Q: Observation at play, which include[s] play types, returns, cue and playworker interaction.
A: Now don’t be so lazy here. Write your own observation of play that you’ve seen. It works better that way.

Q: I’m a playworker: I have to write about a boy in my settings [sic] like what he does there.
A: Go on then, crack on. Don’t expect me to do it for you. If you don’t observe, you won’t see, and if you don’t see you won’t start to feel or understand.

Q: How to write about snow playing.
A: To misquote Morpheus, he of the Matrix: stop trying to write about snow play and write about snow play. Observe. See things.

Q: Own memories of play to use in playwork.
A: Umm . . . no, I’m not even going there.
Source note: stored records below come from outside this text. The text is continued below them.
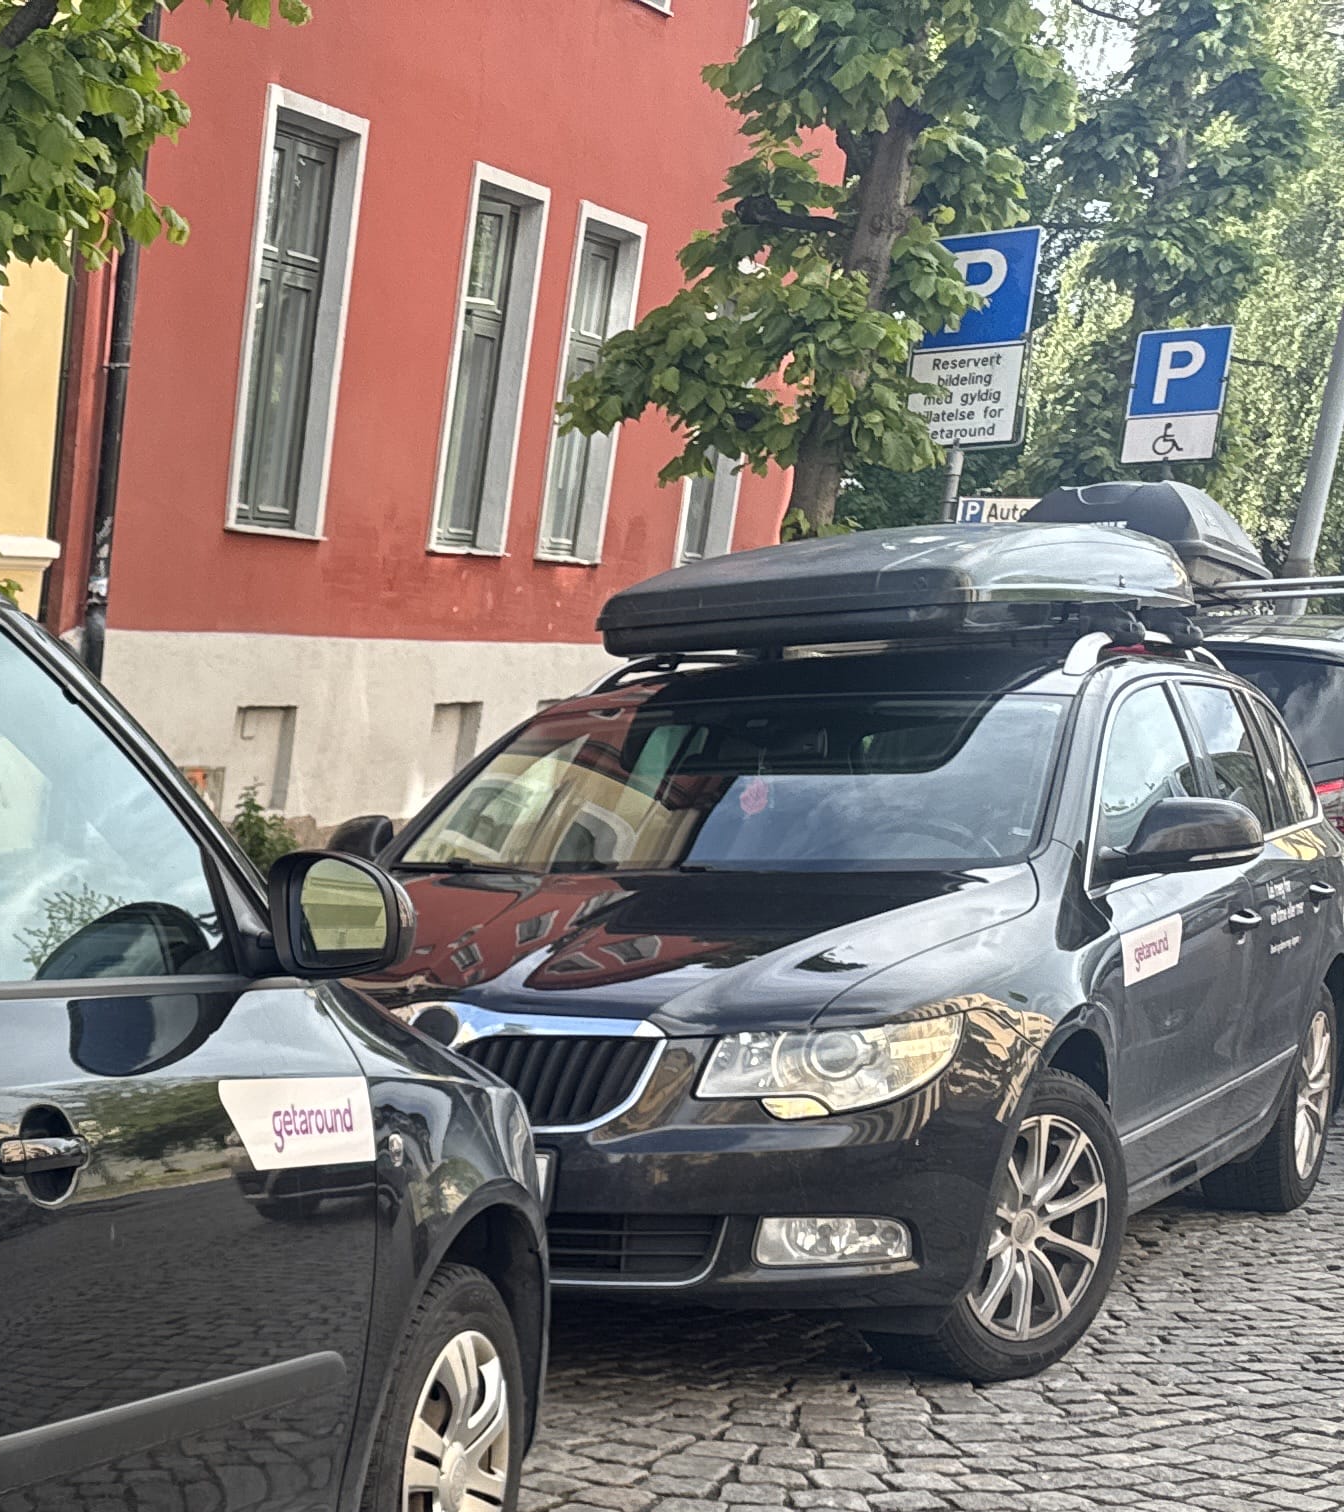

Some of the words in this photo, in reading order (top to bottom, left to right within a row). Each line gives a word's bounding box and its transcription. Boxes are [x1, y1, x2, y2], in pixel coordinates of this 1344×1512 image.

[932, 353, 1002, 371] Reservert
[937, 372, 993, 387] bildeling
[1152, 341, 1206, 405] P
[960, 388, 1001, 406] gyldig
[983, 406, 1004, 419] for
[930, 424, 996, 440] etaround
[272, 1098, 354, 1153] getaround
Advice for playwork glossary writers

‘I wish to register a complaint,’ (as Monty Python had it!) ‘We’re closing for lunch. Never mind that, my lad. I wish to complain about this parrot what I purchased not half an hour ago from this very boutique.’ [End quote]. The parrot in this analogy is the glossary of playwork terms as can be found at, for example, the CACHE website. They’re dead; that is, they’re wrong. Well, some of them are at least. Here’s my complaint: as a playwork trainer, how can my learners be expected to learn certain things if the qualification awarding body hasn’t got it right?
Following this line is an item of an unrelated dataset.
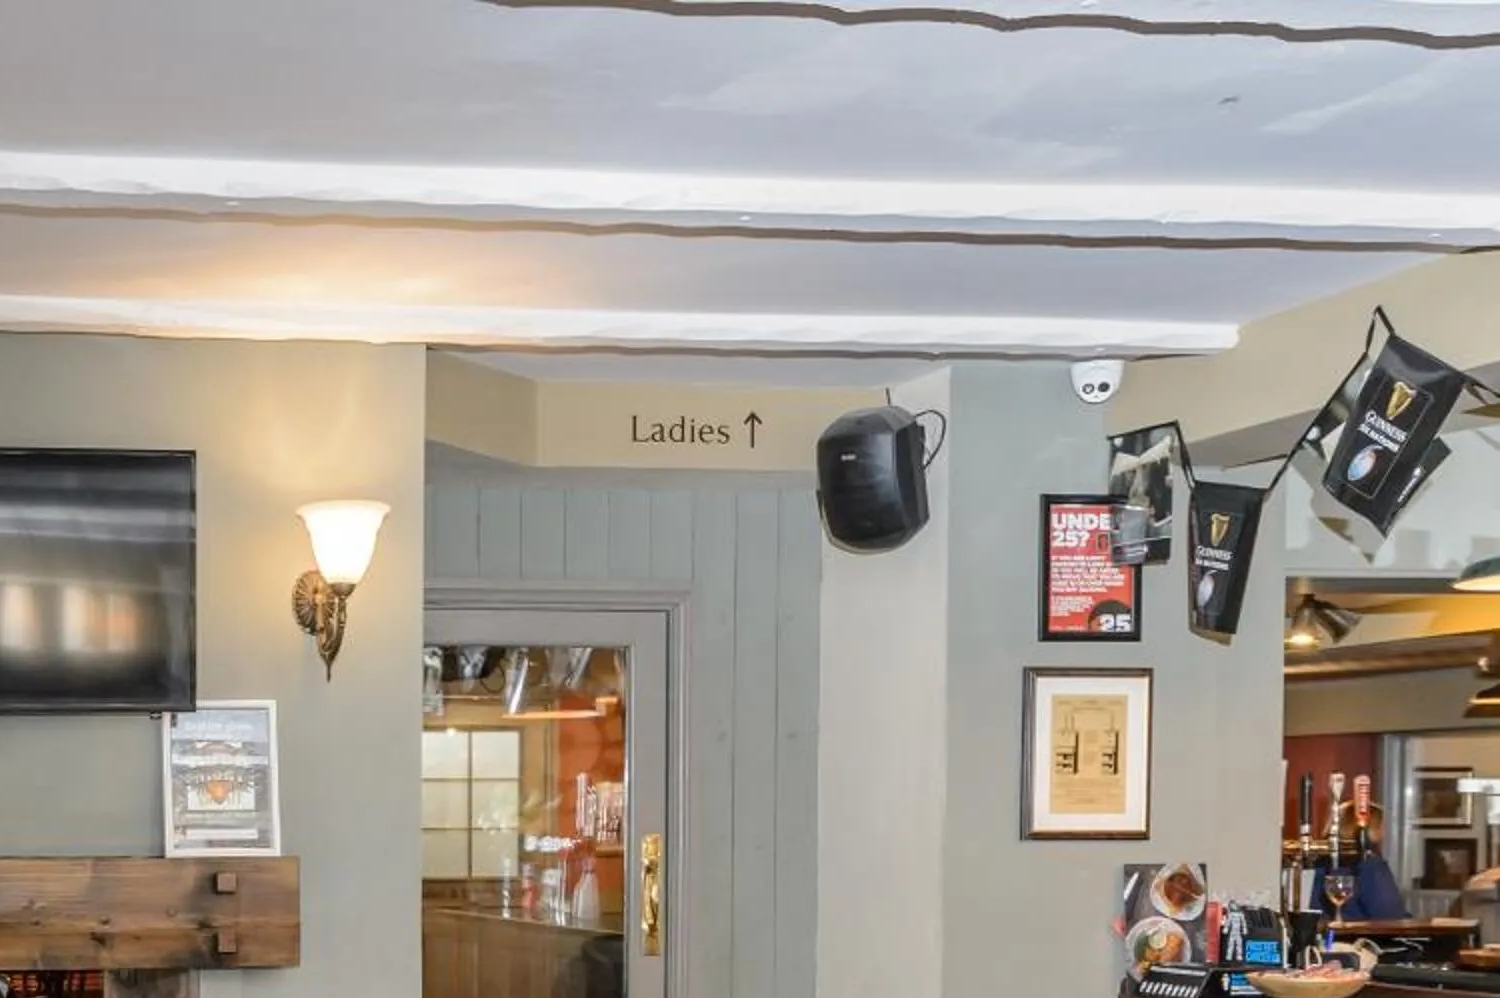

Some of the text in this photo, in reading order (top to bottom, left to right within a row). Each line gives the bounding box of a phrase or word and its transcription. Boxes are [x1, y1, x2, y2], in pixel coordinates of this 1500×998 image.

[631, 414, 731, 445] Ladies
[1051, 512, 1111, 531] UNDE
[1052, 530, 1091, 549] 25?
[1100, 613, 1133, 632] 25
You’re forewarned: this post could get a little technical and lengthy. I realise that it could end up being a very niche one, i.e. only for those in the UK for whom playwork qualifications are a concern. So, I intend to widen the scope a little in what I’m about to write; this being: (i) Details of my complaint for that niche readership; (ii) Focus on one particular area of concern (namely, that which playworkers know as ‘the play cycle’, within something known as ‘psycholudics’), which will also serve as an introduction to those not familiar with the concepts; (iii) Brief analysis of aspects related to the play cycle within psycholudics, for playworkers and non-playworkers alike.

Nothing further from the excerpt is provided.